That's the consensus of transportation experts and lobbyists interviewed about what to expect for the year.
Neither a surface transportation nor a Federal Aviation Administration funding bill are needed in 2013, but lobbyists said they will be looking for legislative openings that allow them to make modest progress. They will be working towards those ends against a backdrop of uncertainty over how the economy might fare under a "grand bargain," or lack of one, to avert the fiscal cliff.
"The main issue is obviously the economy," said Cherian George, managing director of global infrastructure and project finance at Fitch Ratings.
George said that while the credit of much of the transportation sector has stabilized and he expects that to continue, the presence of a huge fiscal challenge before Congress presents a wild card.
Most transportation advocates and sector observers, including George, think lawmakers will find a way to avoid the crippling tax hikes and across-the-board spending cuts slated to take effect because of expiring legislative provisions and Congress' failure to reach a debt ceiling deal last year. If not, a resulting depression could hammer infrastructure even though many key revenue streams are legally protected from the sequestration cuts.
But airport and highway interests alike say the uncertainty also contains opportunity, since a grand bargain to resolve the debt crisis could also present legislative windows to achieve some long-awaited goals.

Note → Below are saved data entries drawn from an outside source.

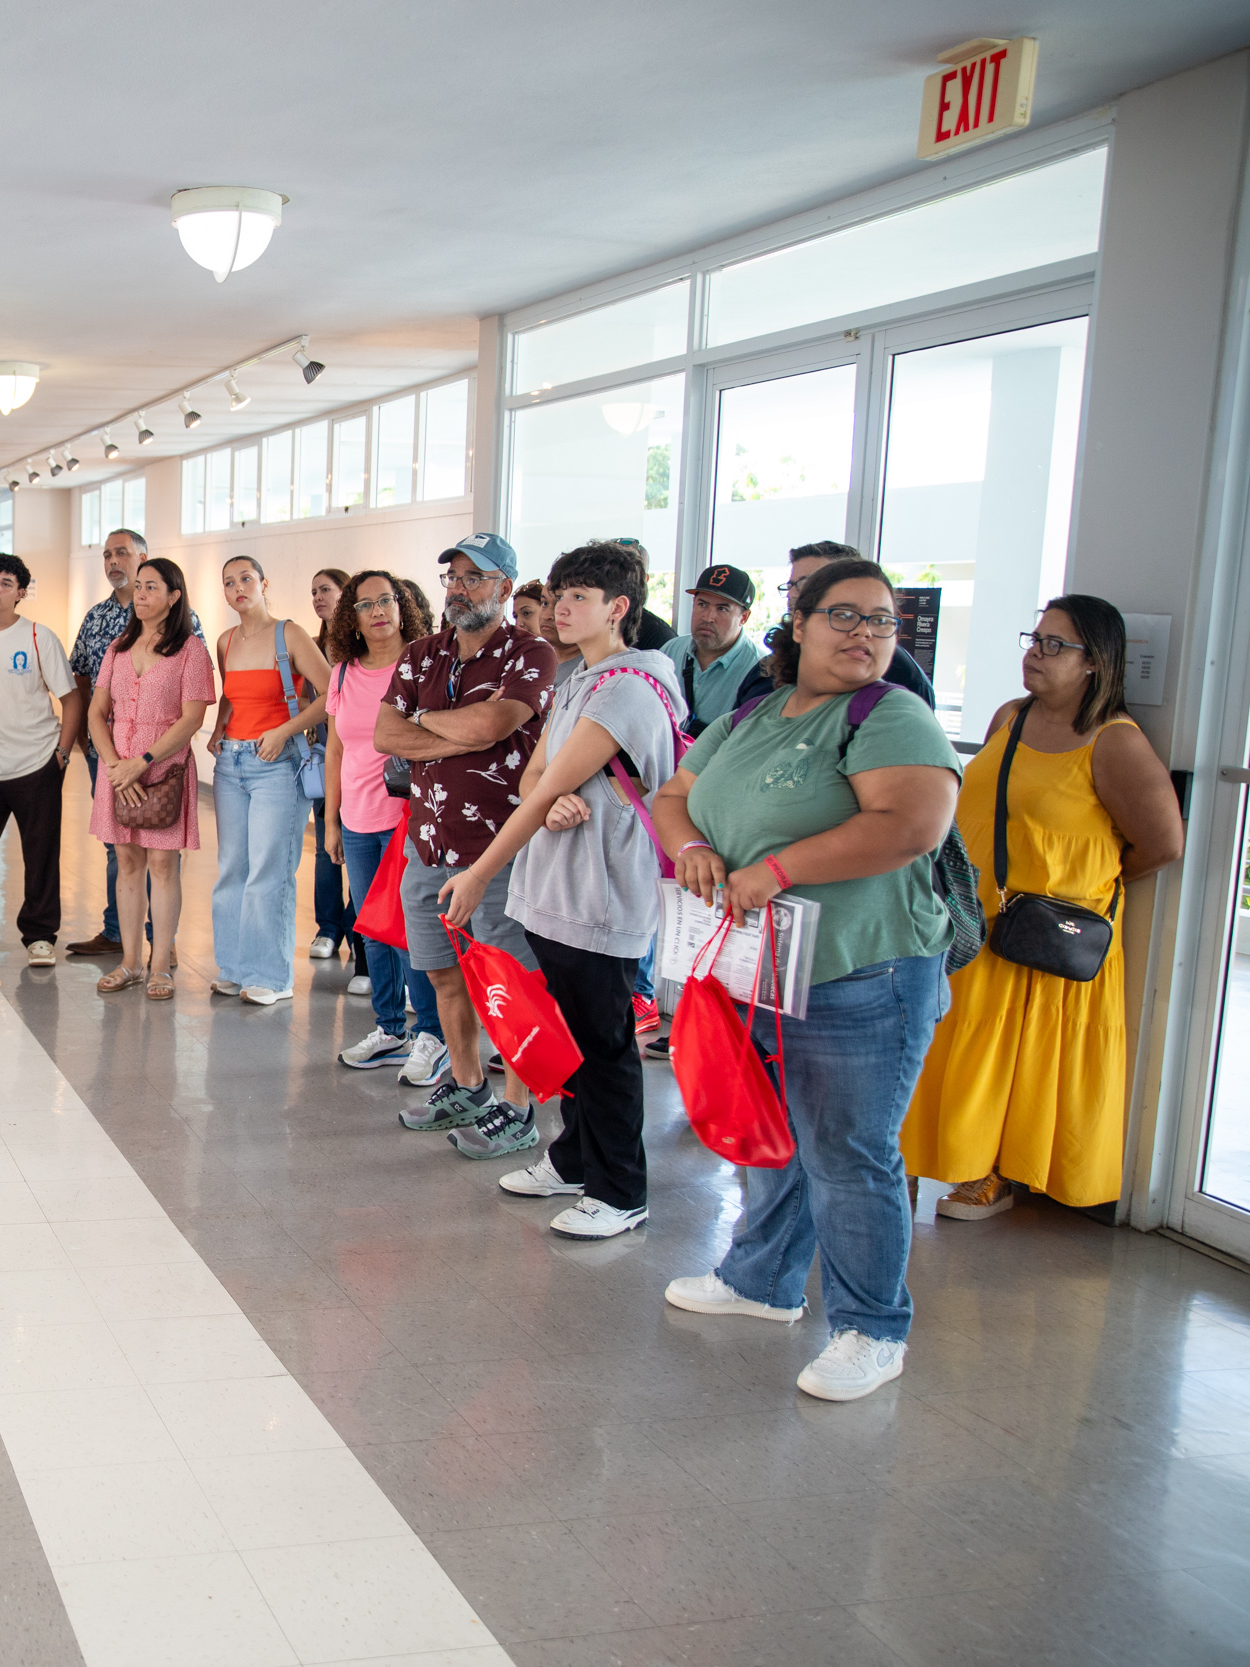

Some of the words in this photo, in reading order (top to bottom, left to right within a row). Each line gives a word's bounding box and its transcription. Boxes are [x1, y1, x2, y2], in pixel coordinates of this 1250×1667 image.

[934, 48, 1007, 144] EXIT
[675, 886, 683, 916] SERVICIOS
[675, 926, 682, 937] UN
[676, 916, 683, 926] EN
[672, 937, 680, 956] CLICK
[775, 932, 784, 957] Sistema
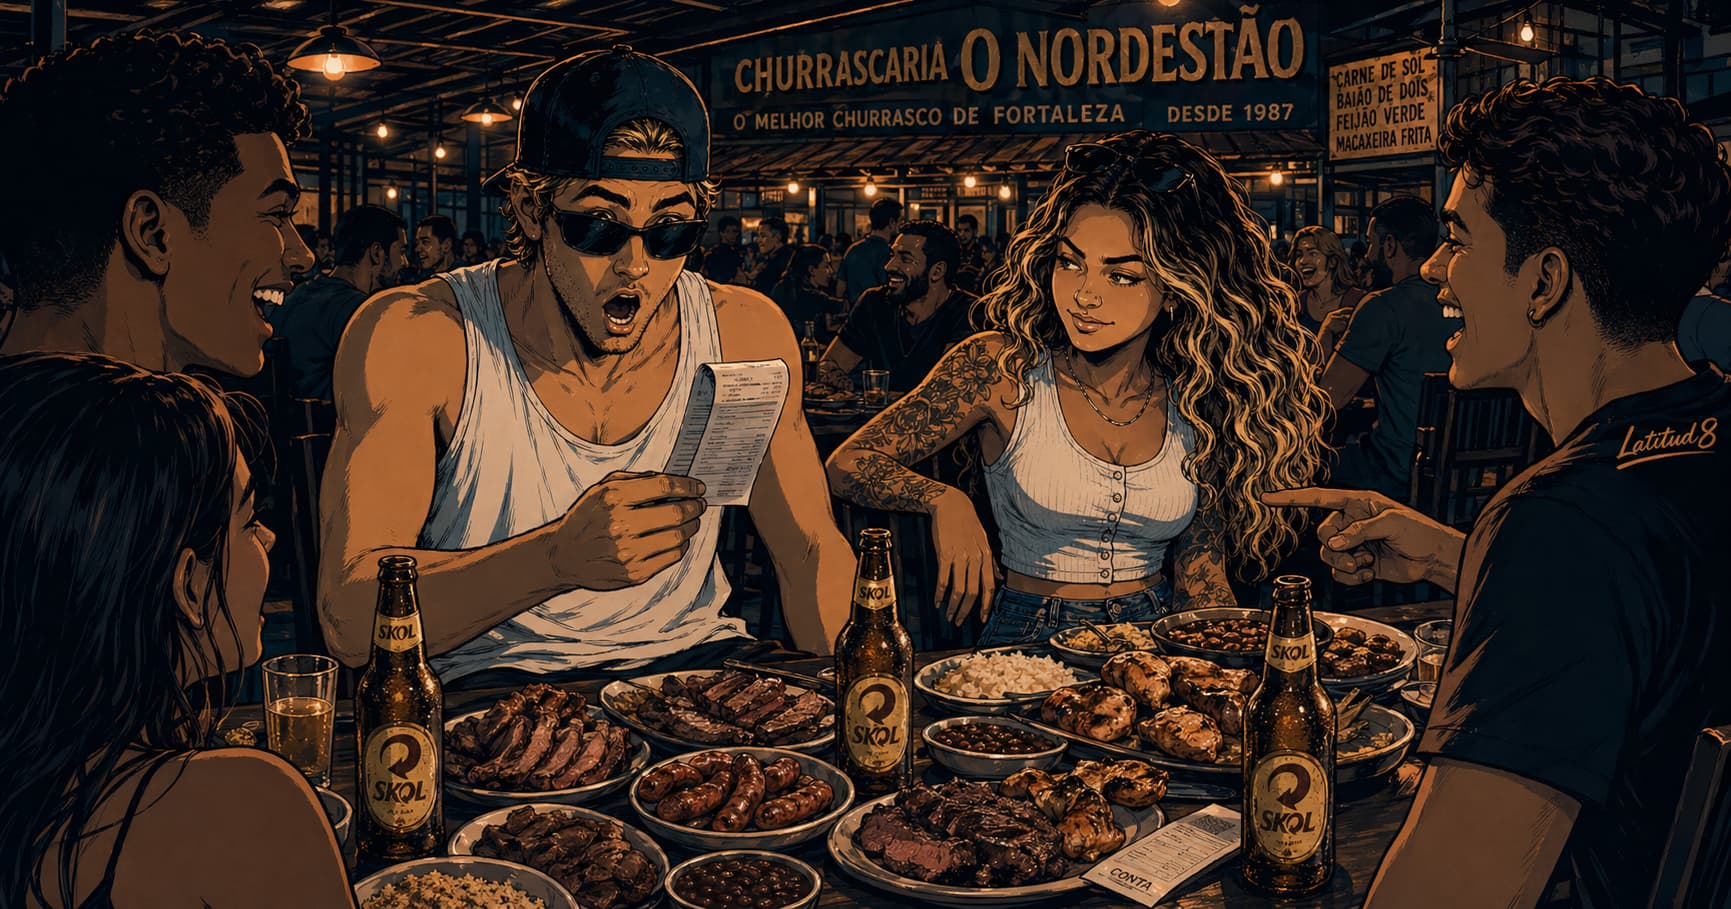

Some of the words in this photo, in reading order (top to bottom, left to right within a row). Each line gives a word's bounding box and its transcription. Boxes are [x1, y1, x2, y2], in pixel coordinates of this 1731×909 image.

[735, 41, 949, 93] CHURRASCARIA
[961, 28, 1000, 91] O
[1016, 5, 1304, 88] NORDESTÃO
[1336, 66, 1375, 88] CARNE
[1381, 61, 1396, 80] DE
[1402, 56, 1425, 76] SOL
[1337, 86, 1372, 110] BAIÃO
[1378, 84, 1393, 103] DE
[1400, 79, 1428, 100] DOIS
[733, 113, 746, 130] O
[755, 112, 824, 129] MELHOR
[832, 107, 943, 128] CHURRASCO
[953, 106, 979, 125] DE
[994, 104, 1125, 124] FORTALEZA
[1167, 104, 1233, 123] DESDE
[1243, 103, 1294, 122] 1987
[1336, 107, 1376, 131] FEIJÃO
[1384, 102, 1425, 125] VERDE
[1336, 130, 1397, 152] MACAXEIRA
[1401, 126, 1432, 146] FRITA
[860, 586, 891, 600] SKOL
[378, 624, 416, 640] SKOL
[1270, 644, 1310, 660] SKOL
[852, 726, 900, 747] SKOL
[373, 781, 426, 804] SKOL
[1260, 810, 1316, 836] SKOL
[1109, 867, 1153, 891] CONTA

Deborah McElroy, executive vice president of policy and external affairs at Airports Council International-North America, said that it is difficult to predict what legislative developments might occur until a clear path to avoiding the fiscal cliff emerges. Until then, airports and other infrastructure interests with capital needs are faced with uncertainty, she said.

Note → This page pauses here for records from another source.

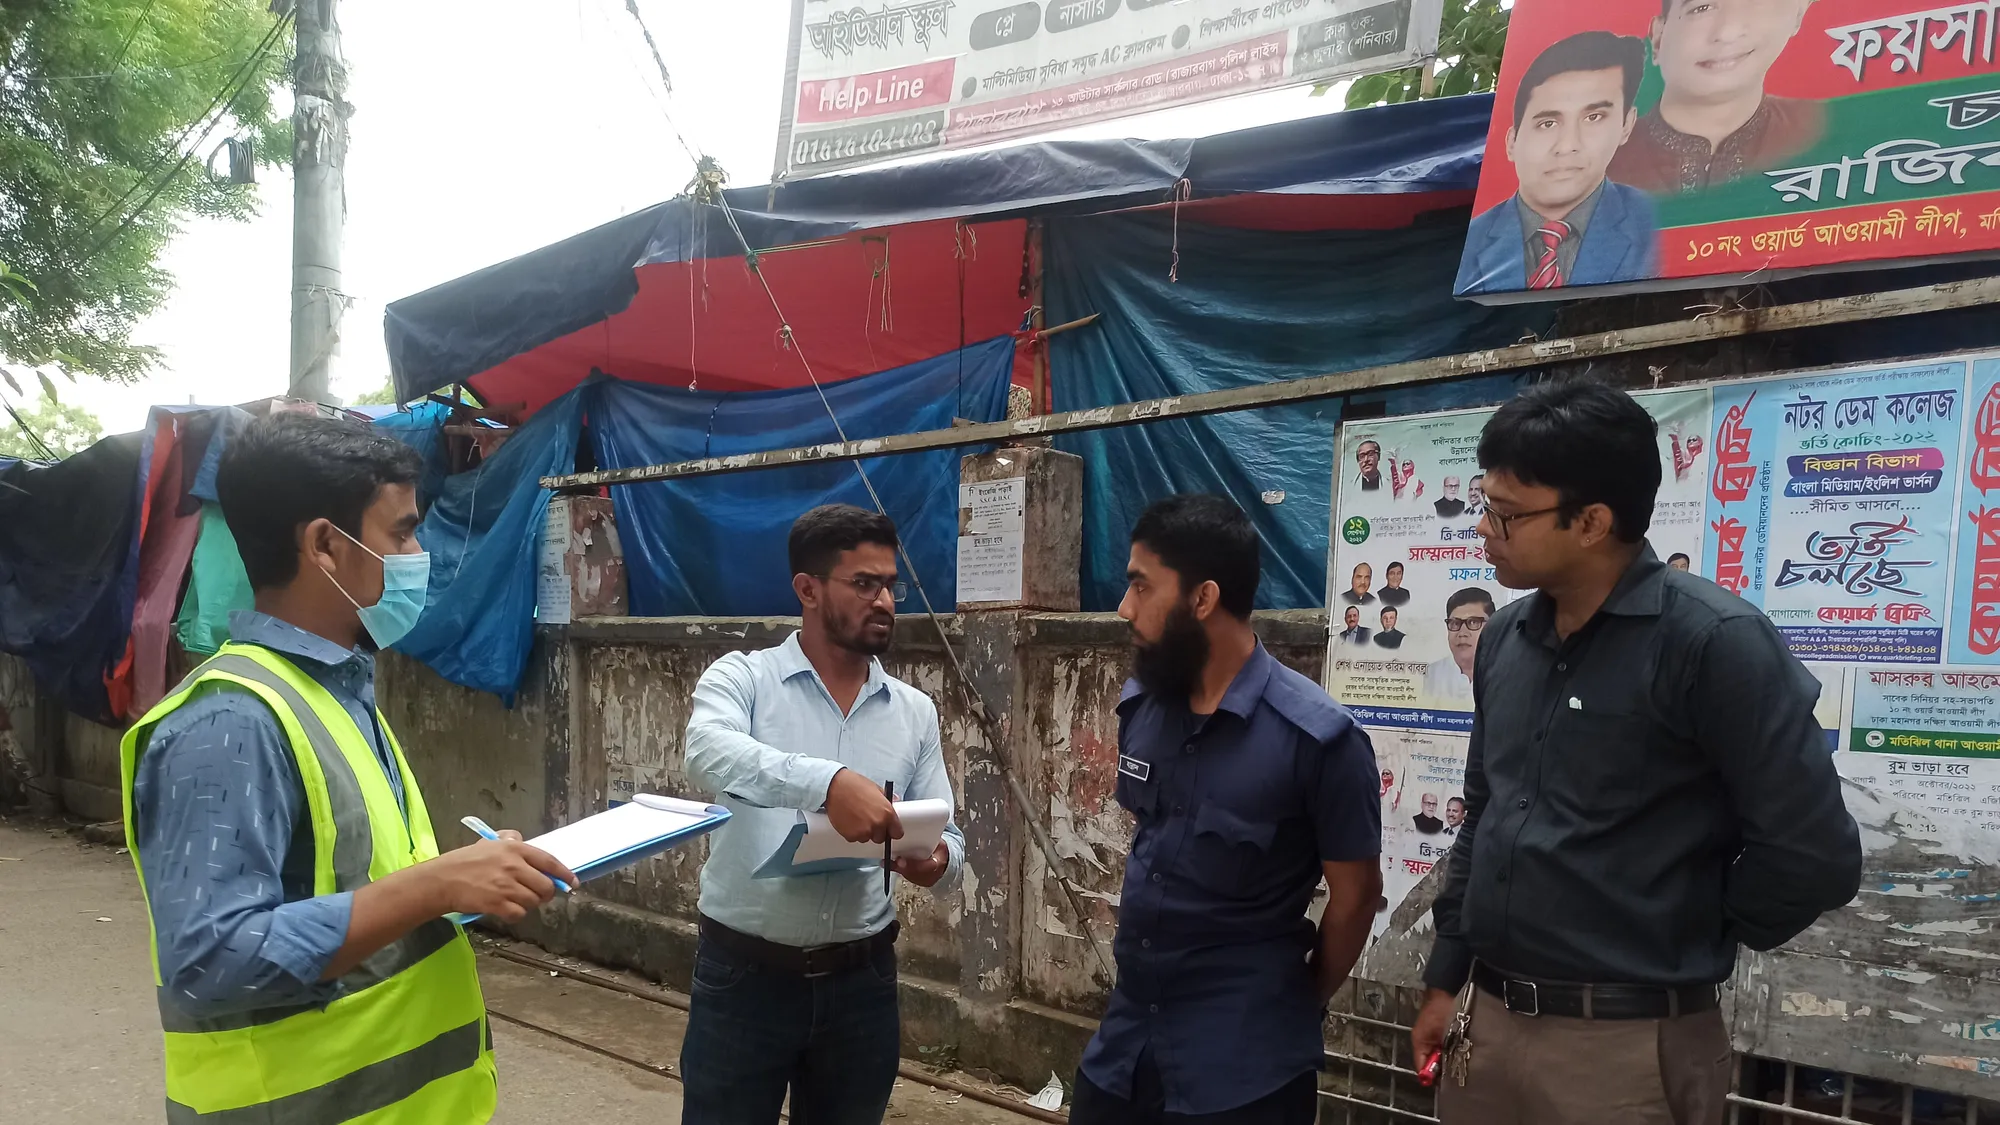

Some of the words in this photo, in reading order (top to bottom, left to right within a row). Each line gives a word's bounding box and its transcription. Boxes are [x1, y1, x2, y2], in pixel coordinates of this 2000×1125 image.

[805, 4, 910, 60] আইডিয়াল
[909, 0, 956, 52] স্কুল
[1039, 59, 1069, 85] সুবিধা
[1100, 47, 1121, 66] AC
[1067, 88, 1100, 105] আউটার
[1140, 72, 1162, 88] রোড
[1219, 52, 1247, 70] পুলিশ
[819, 76, 868, 114] Help
[875, 75, 924, 105] Line
[1750, 218, 1811, 253] ওয়ার্ড
[1813, 207, 1908, 247] আওয়ামী
[1783, 392, 1828, 433] নটর
[1834, 395, 1879, 429] ডেম
[1885, 389, 1957, 425] কলেজ
[1799, 434, 1828, 450] ভর্তি
[1832, 431, 1937, 450] কোচিং-২০২২
[1803, 457, 1860, 474] বিজ্ঞান
[1866, 453, 1923, 470] বিভাগ
[1790, 480, 1818, 494] বাংলা
[1820, 473, 1900, 494] মিডিয়াম/ইংলিশ
[1902, 473, 1934, 489] ভার্সন
[1349, 518, 1363, 530] ১২
[1449, 567, 1481, 581] সফল
[1775, 556, 1934, 596] চলছে
[1817, 604, 1880, 624] কোয়ার্ক
[1883, 602, 1937, 624] ব্রিফিং
[1868, 671, 1935, 688] মাসরুর
[1882, 694, 1908, 703] সাবেক
[1910, 693, 1940, 704] সিনিয়র
[1942, 694, 1994, 706] সহ-সভাপতি
[1376, 710, 1390, 721] থানা
[1391, 710, 1419, 723] আওয়ামী
[1902, 706, 1911, 714] নং
[1914, 705, 1934, 715] ওয়ার্ড
[1935, 706, 1969, 716] আওয়ামী
[1970, 707, 1986, 717] লীগ
[1870, 716, 1888, 725] ঢাকা
[1890, 716, 1921, 726] মহানগর
[1923, 716, 1947, 727] দক্ষিণ
[1949, 718, 1984, 728] আওয়ামী
[1890, 734, 1930, 748] মতিঝিল
[1934, 738, 1957, 750] থানা
[1911, 761, 1941, 775] ভাড়া
[1946, 763, 1970, 776] হবে
[1936, 793, 1970, 804] মতিঝিল

"The economic uncertainty affects everyone," said McElroy.
Brad Van Dam, vice president of federal affairs at the American Association of Airport Executives, said airports are concerned that they could eventually be targeted for devastating cuts once lawmakers have begun to exhaust other options. The FAA bill enacted in 2012 authorized $3.3 billion annually for the airport improvement program, a key revenue stream for airports. That money is subject to appropriation, however, and could be slashed if lawmakers decide to do so.
If the current proposed cuts go through, airports could suffer due to cuts to the FAA budget. With fewer security and operations personnel available, airports might see a drop in passenger enplanements, a key to their credit quality. Even if that does not happen, Van Dam said airports lobbyists are going to take another run at gaining financial flexibility through the elimination of the passenger facility charges cap and the alternative minimum tax on private activity bonds.
Like most of the major policy overhauls interest groups are seeking, these would be most likely to come about as part of an omnibus budget package or comprehensive tax reform. AMT relief for PABS has been a major airport interest for years and groups fought unsuccessfully to implement that change last year. Many in the transportation sector are pessimistic that a measure that actually costs the government money could find traction in an environment focused on finding revenue to reduce the federal deficit.
Van Dam said his group definitely plans to use the next year to fight for the elimination of the cap on PFCs, a funding source that airports use to back bonds, which is raised locally as a user fee. PFCs have been federally capped at $4.50 since 2000, despite airport lobbying to raise or eliminate the cap in order to offset inflation. Both the AAAE and ACI-NA will relentlessly pursue this goal, but airline opposition and lawmakers focused elsewhere will make it a huge challenge to enact a change to the policy, Van Dam and others said.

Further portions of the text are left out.